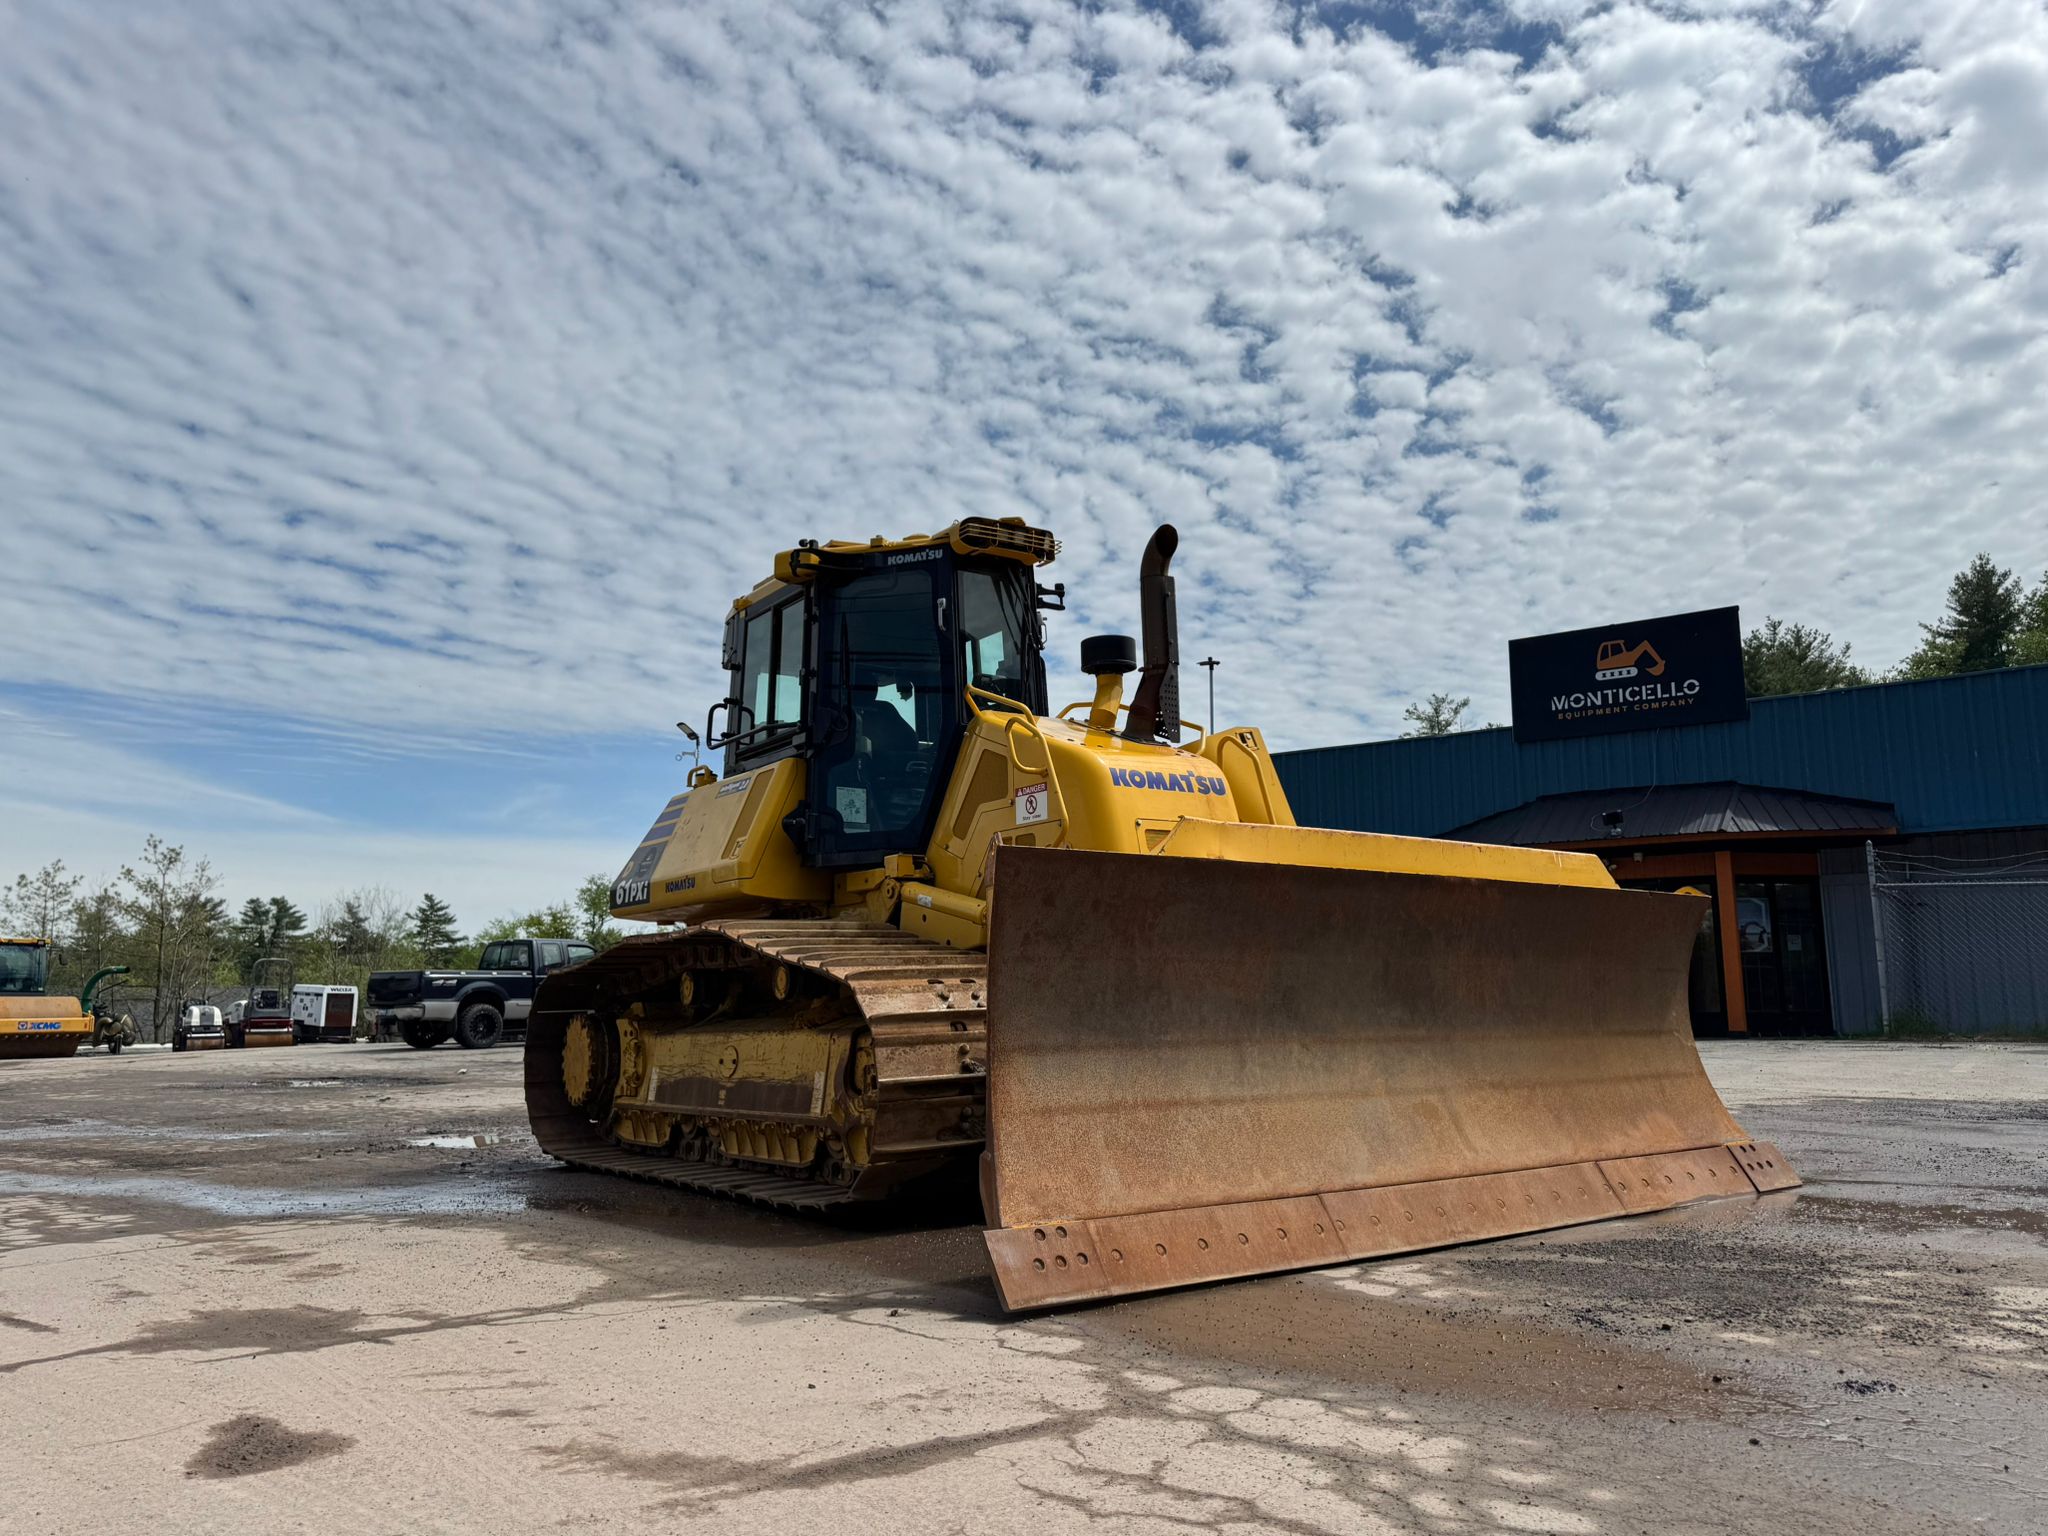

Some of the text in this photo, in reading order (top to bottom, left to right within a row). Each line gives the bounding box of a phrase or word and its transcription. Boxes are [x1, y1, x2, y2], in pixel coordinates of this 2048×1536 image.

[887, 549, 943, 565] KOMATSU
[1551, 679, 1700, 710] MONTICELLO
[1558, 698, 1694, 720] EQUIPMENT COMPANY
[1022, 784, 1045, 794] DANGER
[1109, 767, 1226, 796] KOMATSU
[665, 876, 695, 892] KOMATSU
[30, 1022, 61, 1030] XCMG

——————————

* Your instructions *
I'd like every record printed exactly, with the pictures left out.

* Result for this exercise *
Some of the text in this photo, in reading order (top to bottom, left to right within a row). Each line gives the bounding box of a phrase or word and its transcription. Boxes are [x1, y1, x2, y2], in pixel coordinates of this 2048×1536 image.

[887, 549, 943, 565] KOMATSU
[1551, 679, 1700, 710] MONTICELLO
[1558, 698, 1694, 720] EQUIPMENT COMPANY
[1022, 784, 1045, 794] DANGER
[1109, 767, 1226, 796] KOMATSU
[665, 876, 695, 892] KOMATSU
[30, 1022, 61, 1030] XCMG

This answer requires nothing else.